Latest revision as of 08:05, 17 January 2017

RESEARCH QUESTION

Research question01.jpg

BIO DESIGN

Integrating life sciences in the area of design becomes more and more important.
That’s for a reason; designers nowadays are expected to participate in problematic issues of todays’ world.
The scarcity of sources, the changing climate, the nature being destroyed by the waste of production.
Slowly the awareness among people grows that the system of mass production and consumerism, has reached his time for renewal.

BOOK: Bio Design

Vital Design
Paola Antonelli

'Design is a way of discussing society, politics, eroticism, food and even design.
In the end, it is a way of building up a possible figurative utopia or metaphor about life.'
- Ettore Sottsass

In the designers' ability to build scenarios and prototypes of behavior lies power that they should protect and cherish.

The Hybrid Frontier
William Myers

Bio design refers specifically to the incorporation of living organisms as essential components, enhancing the function of the finished work.
It goes beyond mimicry, it's about integration, dissolving boundaries and synthesizing new hybrid prototypes.
Biological processes replace industrial or mechanical systems. This asks for cross-disciplinairy collaborations.
The convergence of fields and expert-amatuer is necessary to support ongoing effort to alleviate negative impacts of legacies of the Industrial Revolution.
We have to value generation, growth and sustainability.

Beyond Mimicry, A New urgency

Dali on future architecture: 'it will be soft and hairy.'

The pressure of the degradation of the environment demands recognition of the fragility of nature.
Huge contrast with the 20th century, where mechanization was used in order to overpower and control the forces of nature.
Societal priorities and market signs (taxes, subsidies) are still absent.

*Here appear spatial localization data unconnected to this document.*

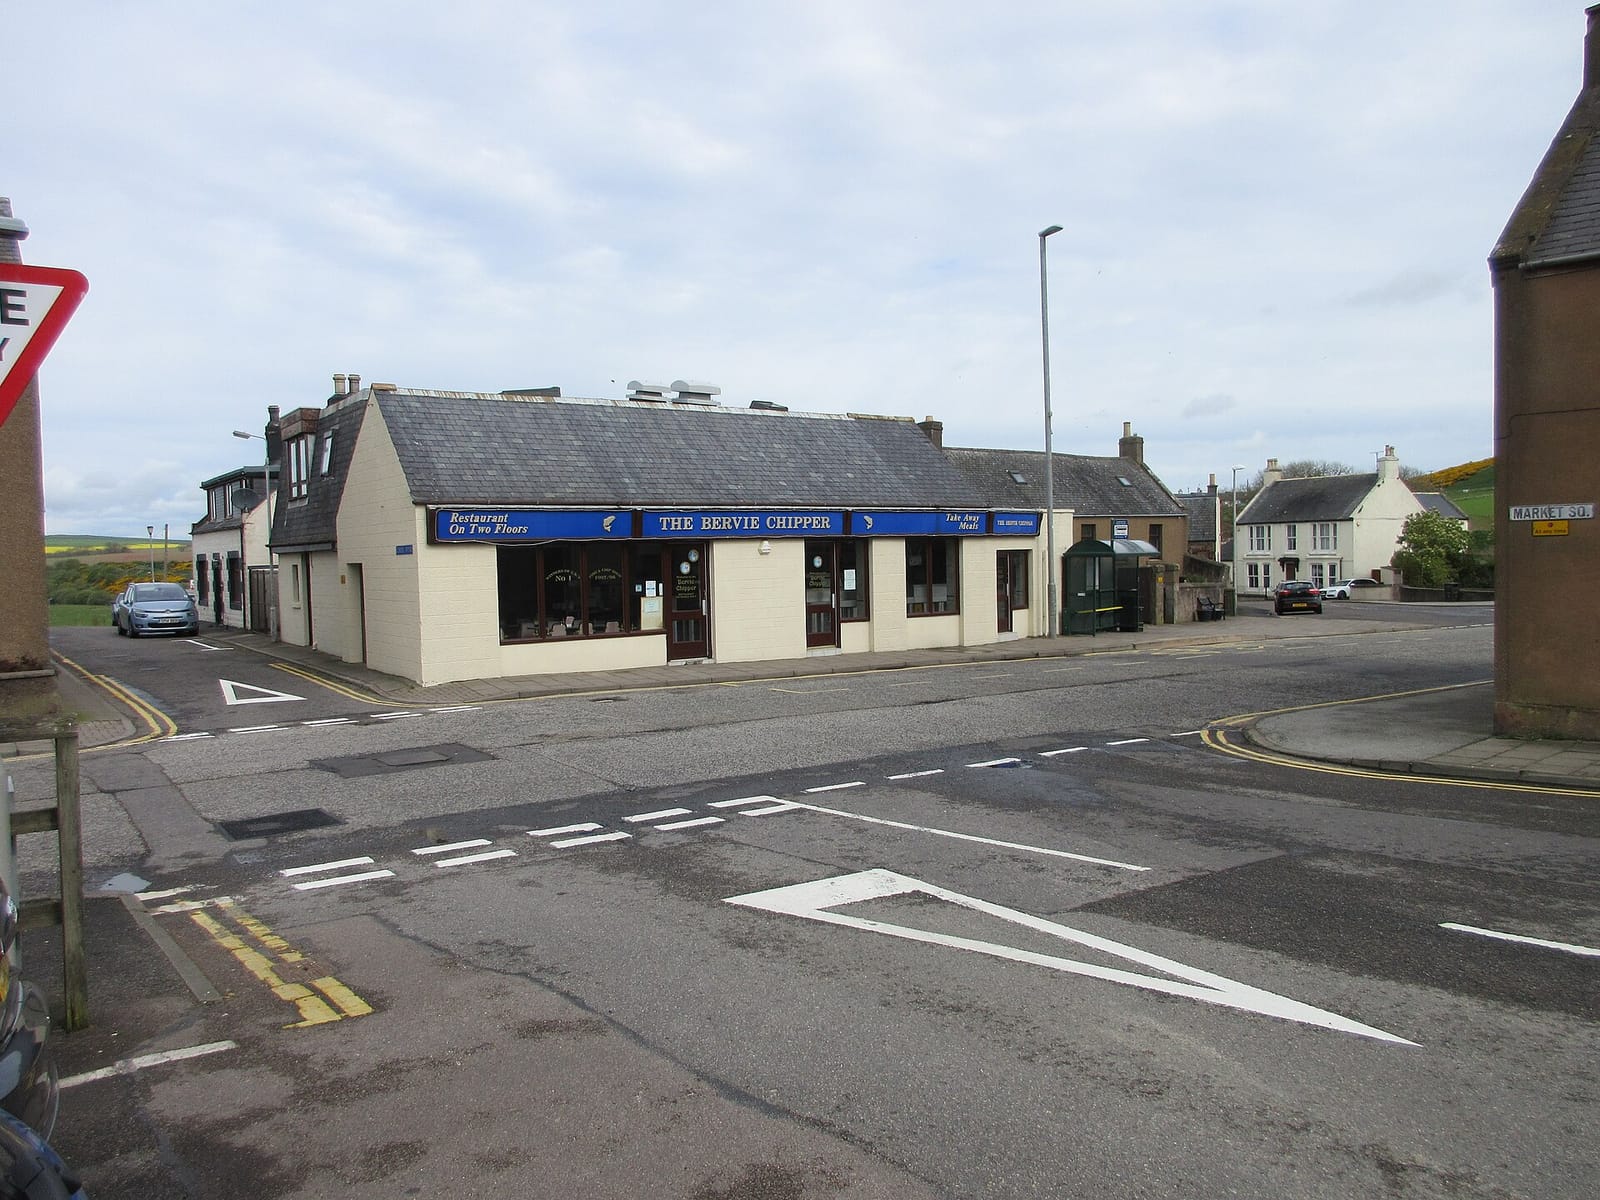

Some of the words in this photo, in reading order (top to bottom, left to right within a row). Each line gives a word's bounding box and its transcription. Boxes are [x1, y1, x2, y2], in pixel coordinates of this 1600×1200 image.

[450, 512, 509, 523] Restaurant
[946, 513, 962, 522] Take
[963, 513, 979, 523] Away
[1513, 507, 1564, 519] MARKET
[1568, 506, 1590, 517] SQ.
[449, 523, 465, 535] On
[469, 523, 491, 534] Two
[494, 523, 529, 534] Floors
[659, 516, 694, 531] THE
[700, 516, 760, 531] BERVIE
[766, 516, 831, 529] CHIPPER
[958, 521, 979, 530] Meals

Art Nouveau 19th century was about the imitation of nature in design of objects and structures. Ernst Haeckel.
But the imitation of nature only offers superficial likeness to the natural world. Decoration, symbols and metaphors.
Bio design achieves qualities of natural forms, such as adaptability, efficiency, interdependency. Designers and engineers consider
basic life forms as potential for the fabrication or form giving mechanisms. According to David Benjamin it's the century of biology.

But integrating life into design is not a magic bullet to solve all the pressing issues, such as the degradation of air, soil water and life.
The affordability of basic tools of biotechnology has put them within reach of engineers and designers.
New Revolution: guide scarce resource management. Models like this only found in nature.

Bio art foreshadowed DIY bio: facilitated by availability of inexpensive equipment and like minded amateur biologists.

Physical Science to Life Science, a History of Nature in Design

Architecture integrates indoor and outdoor spaces and natural materials and saw architecture as a component of a larger whole.
Frank Lloyd Wright, Alvar Aalto.
Buildings and cities by the Metabolist movement made use of the destruction-birth cycle.

Examples of ecosystems to re-use waste: Frosch & Gallopoulos, Cradle to Cradle.

Problems of collaborations between designers and scientist are disagreements about intellectual property, vocabulary and working standards.

The Evolving Goals and Design of Concrete, a Trajectory Towards Bio Design

Living, self-healing concrete: Bio Concrete.
Objects' ability to restore a sense of human connectivity, enabling new interactivity.
Concrete was first used during the Roman Architectural Revolution, 4th century BC. Domes, Aqueducts etc.
Design in the 21st century is expected to perform in new ways that take into account its impact on worldwide energy and material cycles.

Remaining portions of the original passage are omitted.